WHAT TO DO
The entries that follow should come back exactly, with no pictures among them.

GIVEN INFORMATION
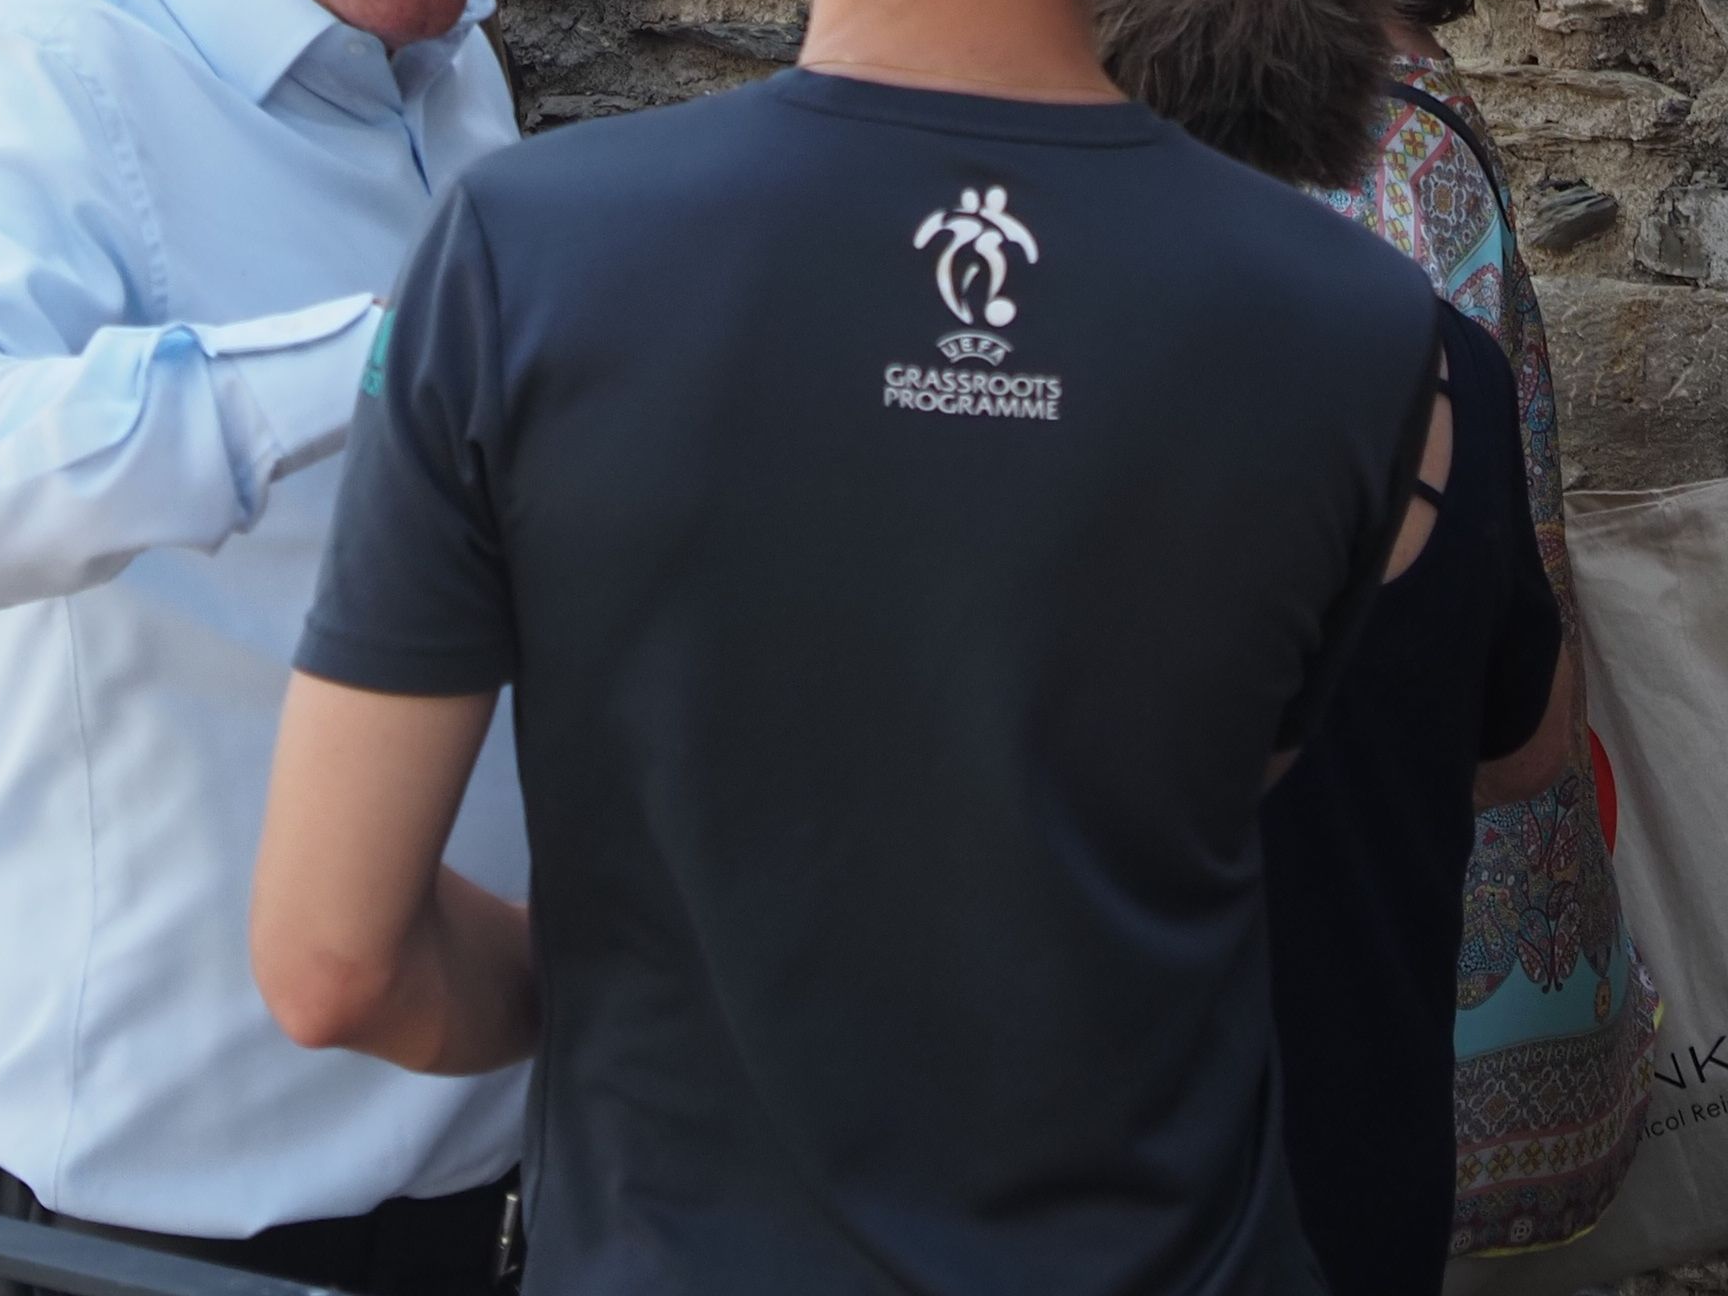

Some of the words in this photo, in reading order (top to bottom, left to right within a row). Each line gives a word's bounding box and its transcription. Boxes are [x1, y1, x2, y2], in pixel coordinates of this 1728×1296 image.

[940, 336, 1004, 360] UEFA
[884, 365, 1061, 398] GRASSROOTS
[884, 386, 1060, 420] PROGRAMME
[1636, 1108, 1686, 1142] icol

OUTPUT
Some of the words in this photo, in reading order (top to bottom, left to right within a row). Each line gives a word's bounding box and its transcription. Boxes are [x1, y1, x2, y2], in pixel coordinates of this 1728×1296 image.

[940, 336, 1004, 360] UEFA
[884, 365, 1061, 398] GRASSROOTS
[884, 386, 1060, 420] PROGRAMME
[1636, 1108, 1686, 1142] icol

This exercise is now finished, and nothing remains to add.